St Augustine wrote: “When we speak, we utter sounds expressing the words that we carry in our heart. What we carry in our soul is apprehended by the ear of the listener through the words we speak. Our thoughts reach the ears of our listener through our voice, yet our thoughts do not change in themselves but remain thoughts even as they are spoken. Likewise, the word of God without change became flesh and dwelt among us” (De Doctrina Christiana I.13.12).

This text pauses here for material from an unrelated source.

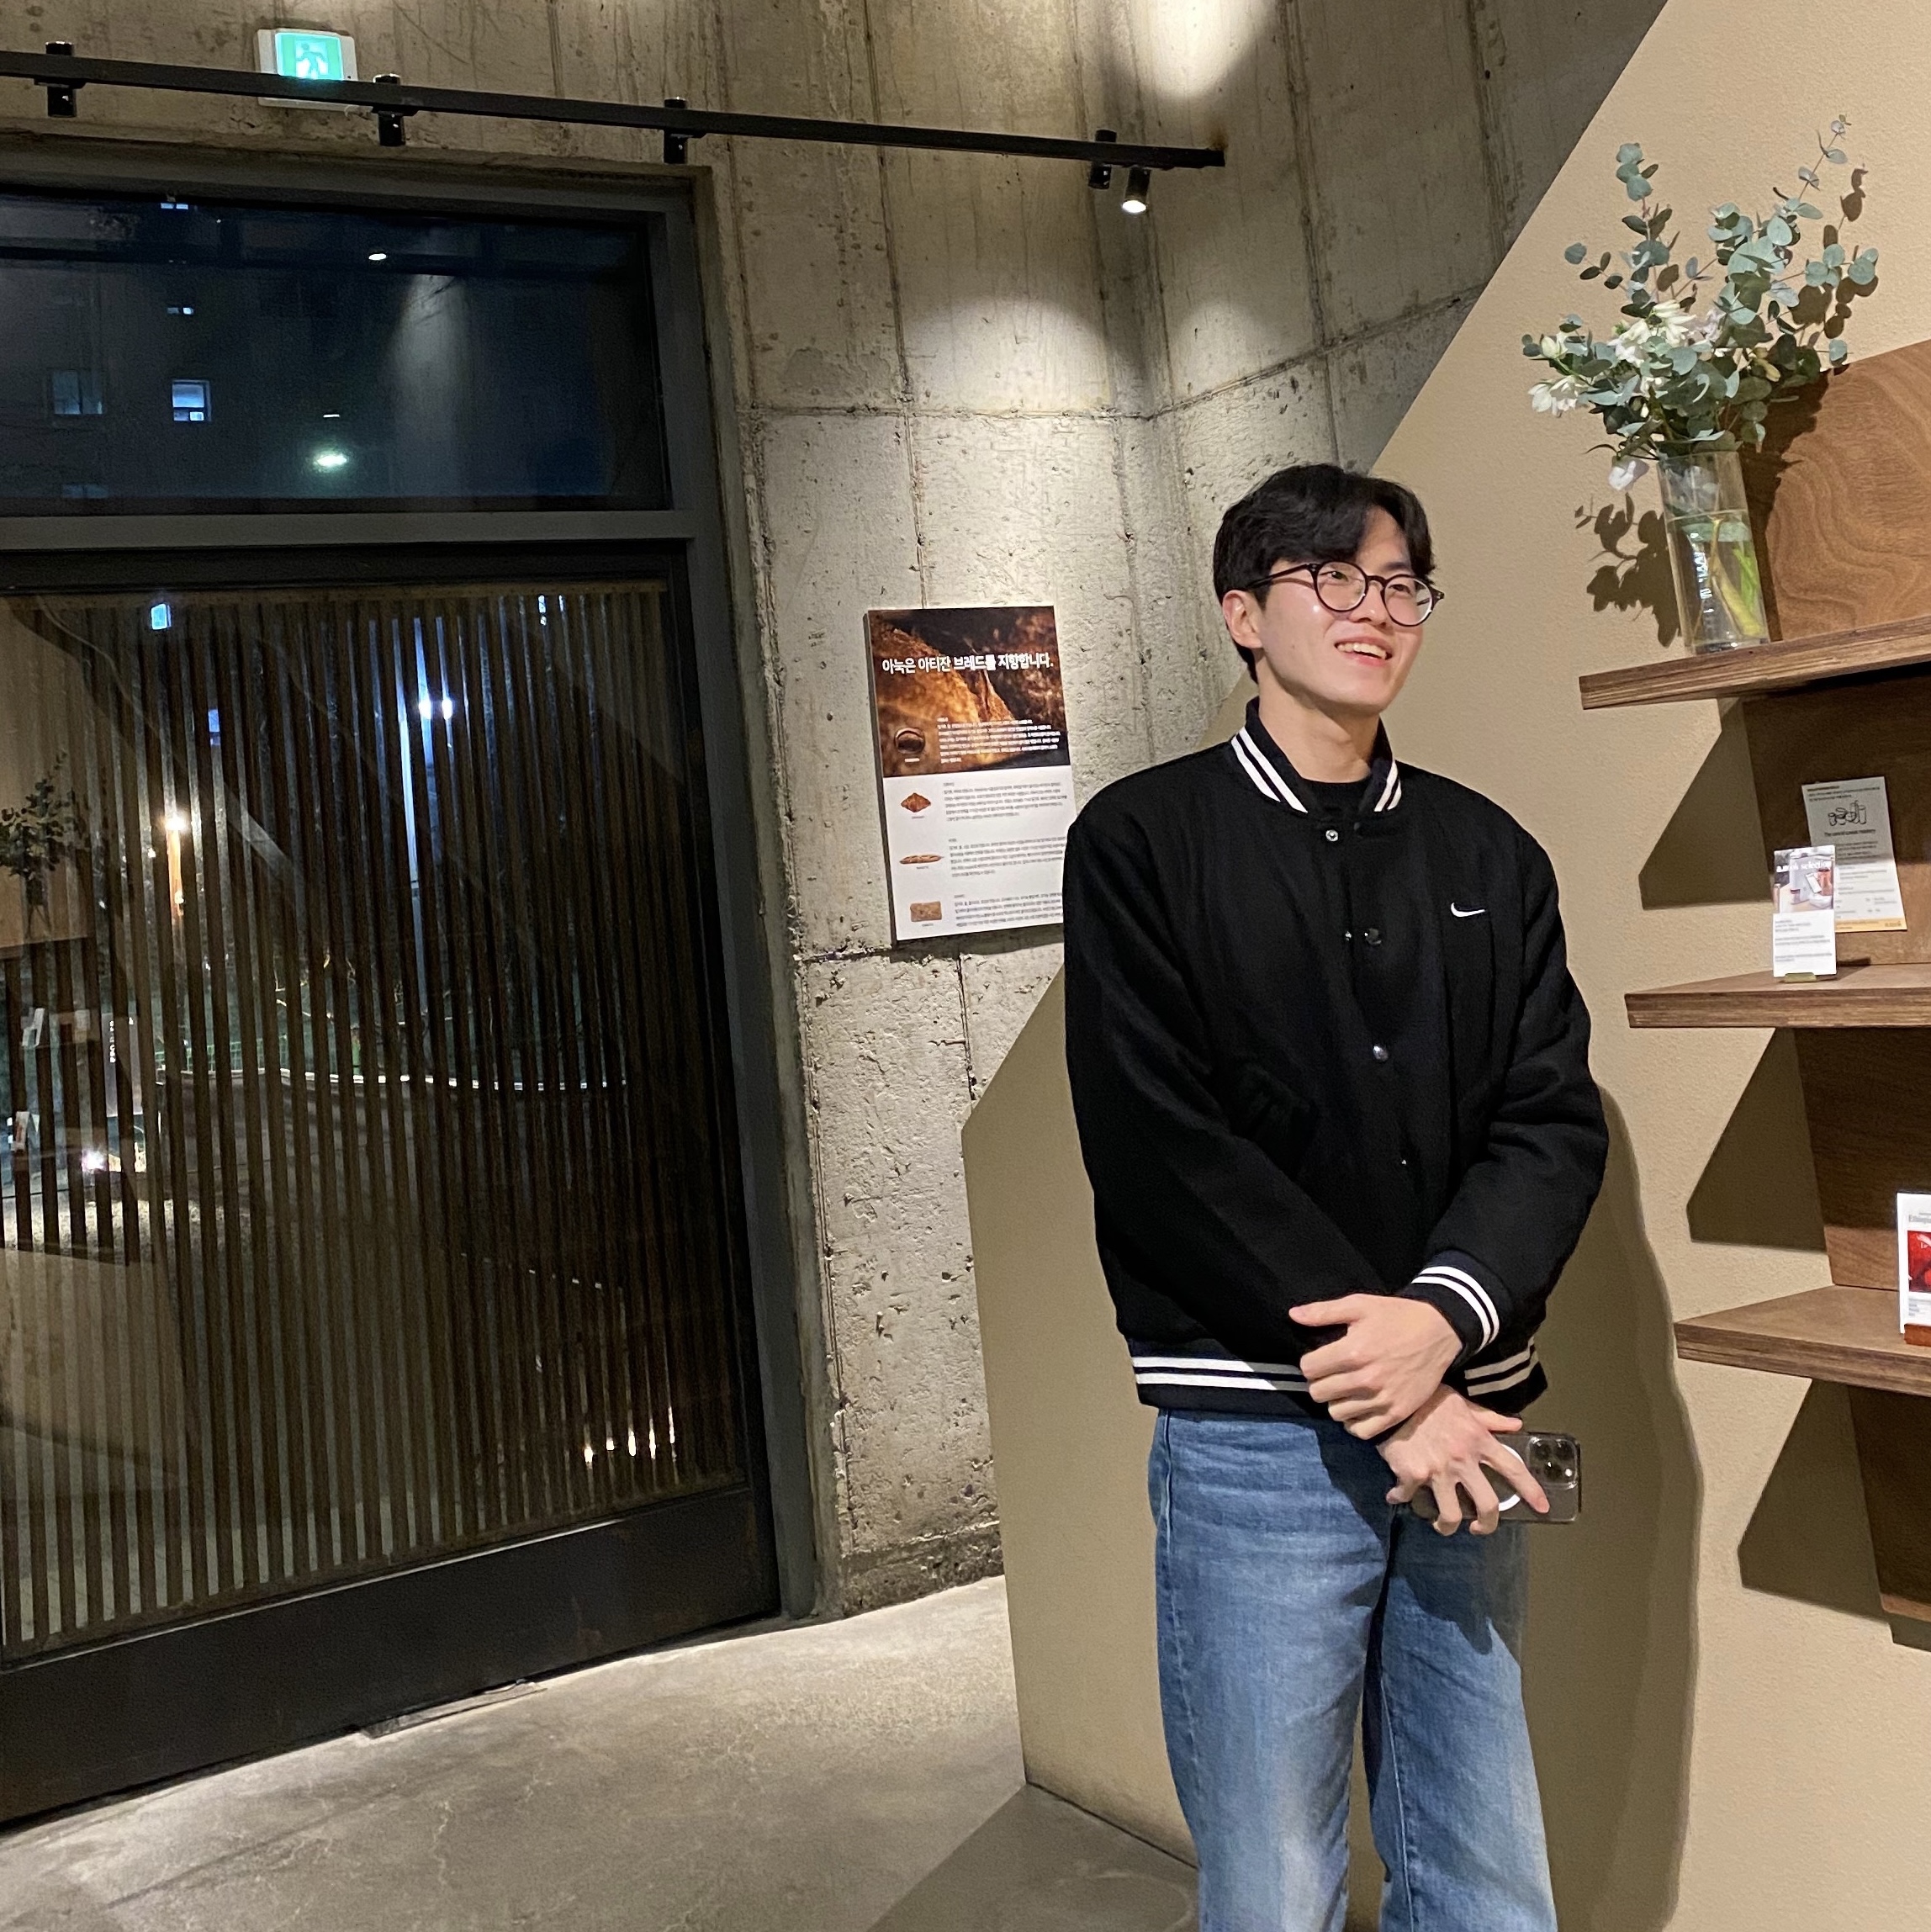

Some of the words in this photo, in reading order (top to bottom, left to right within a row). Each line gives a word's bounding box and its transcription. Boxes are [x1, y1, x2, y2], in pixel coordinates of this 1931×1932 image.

[882, 657, 916, 674] 아눅은
[918, 655, 951, 672] 아티잔
[953, 654, 997, 671] 브레드를
[997, 652, 1055, 670] 지향합니다.

God’s Word is both “physician and medicine for us” (De Doctrina Christiana I.14.13) so that truly hearing God’s Word has a transformative, healing effect on us. In the Confessions, Augustine experienced the healing power of God through the Word present in the Scriptures as well as the word present in spiritual conversation. In book VIII of the Confessions, Augustine went into the garden of the lodging where he and Alypius (his friend) were staying in Milan. He entered the garden weeping because he was unable to follow Christ’s commands, and this inability caused him great anguish. Alypius was right behind him. Augustine heard the voice of a child from a neighbor’s house chanting repeatedly “pick up and read.'' He interpreted hearing this ditty as a divine command to open up and read a book of the letters of St. Paul he had with him. He did so at random and read these words: “Let us conduct ourselves properly as in the day, not in orgies and drunkenness, not in promiscuity and licentiousness, not in rivalry and jealousy. But put on the Lord Jesus Christ, and make no provision for the desires of the flesh” (Rom 13:13-14). The message was not new for him, but this time reading these words, something was different. In reading Scripture this time, he received the help he needed to act in the very manner that Scripture invited him to act.

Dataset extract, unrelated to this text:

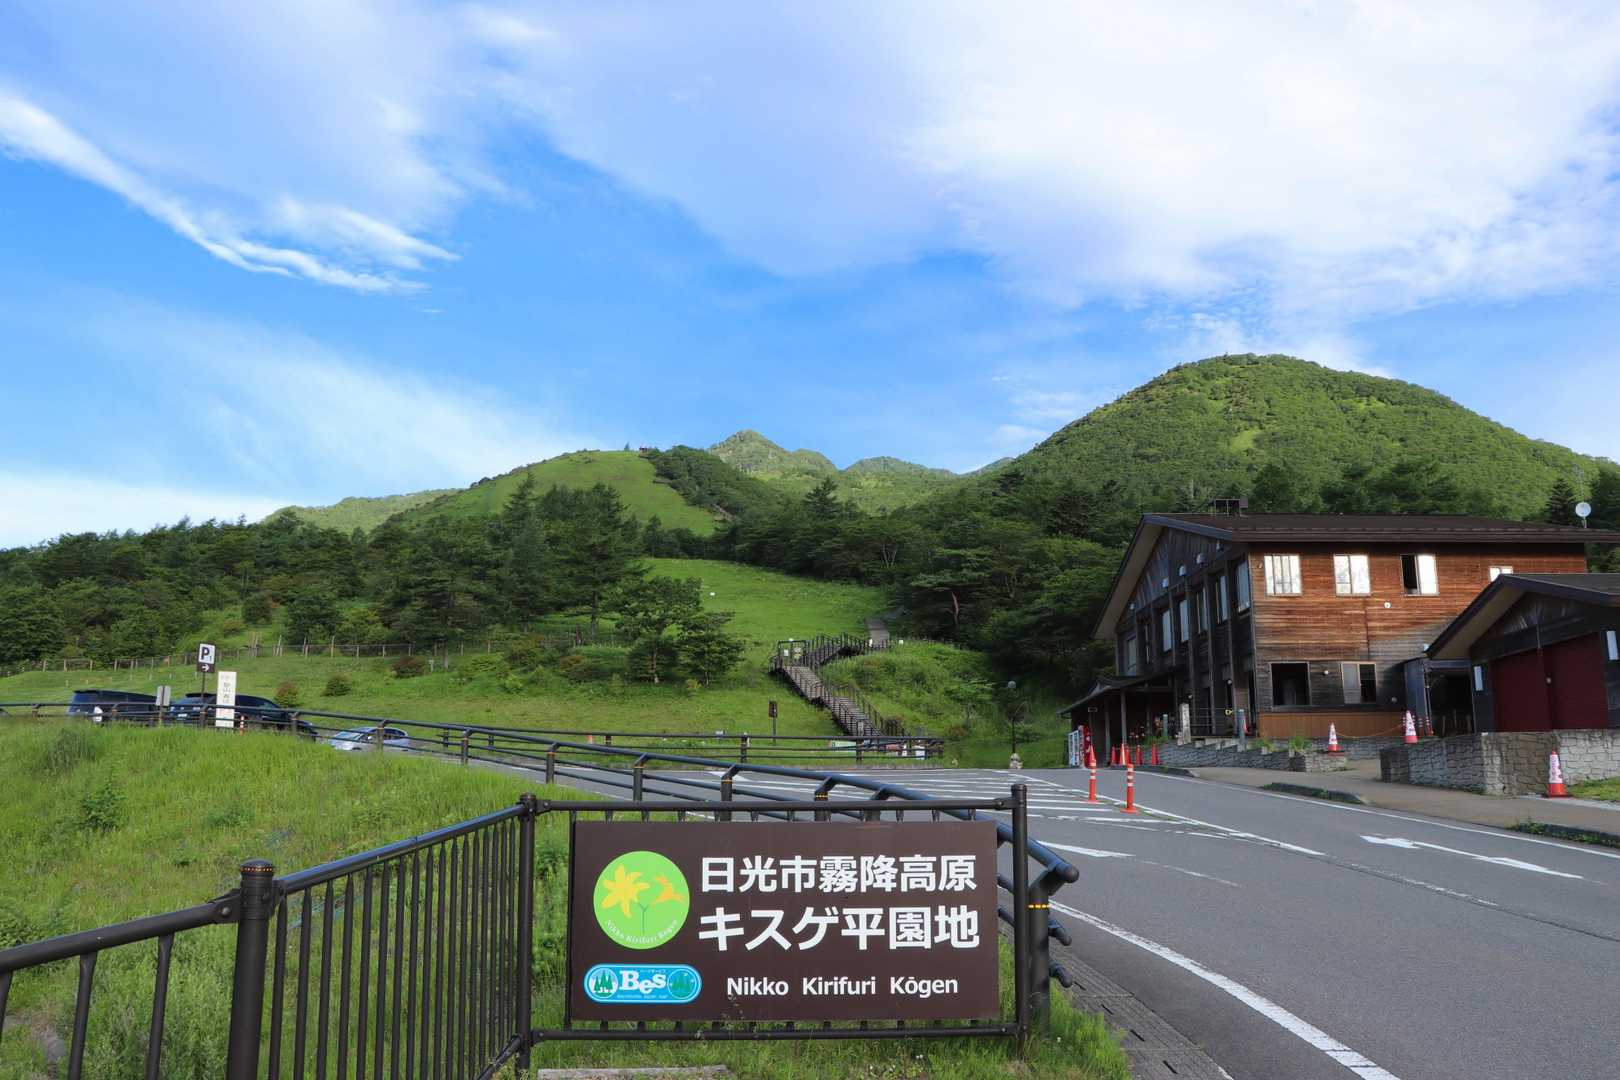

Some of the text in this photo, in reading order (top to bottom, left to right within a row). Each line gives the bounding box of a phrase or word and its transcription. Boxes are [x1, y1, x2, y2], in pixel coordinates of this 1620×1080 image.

[701, 854, 977, 894] 日光市霧降高原
[698, 905, 980, 952] キスゲ平園地
[727, 977, 789, 996] Nikko
[802, 976, 876, 996] Kirifuri

Another example of transformative listening happened later when he and his mother overlooked a garden standing by a window in the house they were staying at in Ostia. Standing by this window they discussed together what life in heaven could be like. Their minds and hearts were stirred in ardor for God, and they were given a “moment of total concentration of the heart” (Confessions IX.10.24). Augustine and Monica stirred their mutual desire for heaven as they listened to each other and in listening to each other they listened to God.

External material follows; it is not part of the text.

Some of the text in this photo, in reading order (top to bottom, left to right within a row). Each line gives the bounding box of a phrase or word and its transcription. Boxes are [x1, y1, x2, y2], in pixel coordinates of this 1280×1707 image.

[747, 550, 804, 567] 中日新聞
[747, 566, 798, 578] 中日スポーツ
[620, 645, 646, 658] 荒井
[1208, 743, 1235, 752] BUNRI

These experiences in the garden in Milan, and by a window overlooking a garden in Ostia exemplify that “the Gospel is not merely a communication of things that can be known—it is one that makes things happen and is life-changing” (Spes Salvi, 2). God’s Word at once reveals and transforms. In his Enarrationes in Psalmos, Augustine invites us to: “approach Him and you will be enlightened” (On Psalm 99.5). He continues, “When the soul approaches God, our inner self is recreated in God’s image, because we were made in God’s image…When love begins to grow in you, you are becoming more like God and you are being reformed in the likeness of God” (On Psalm 99.5).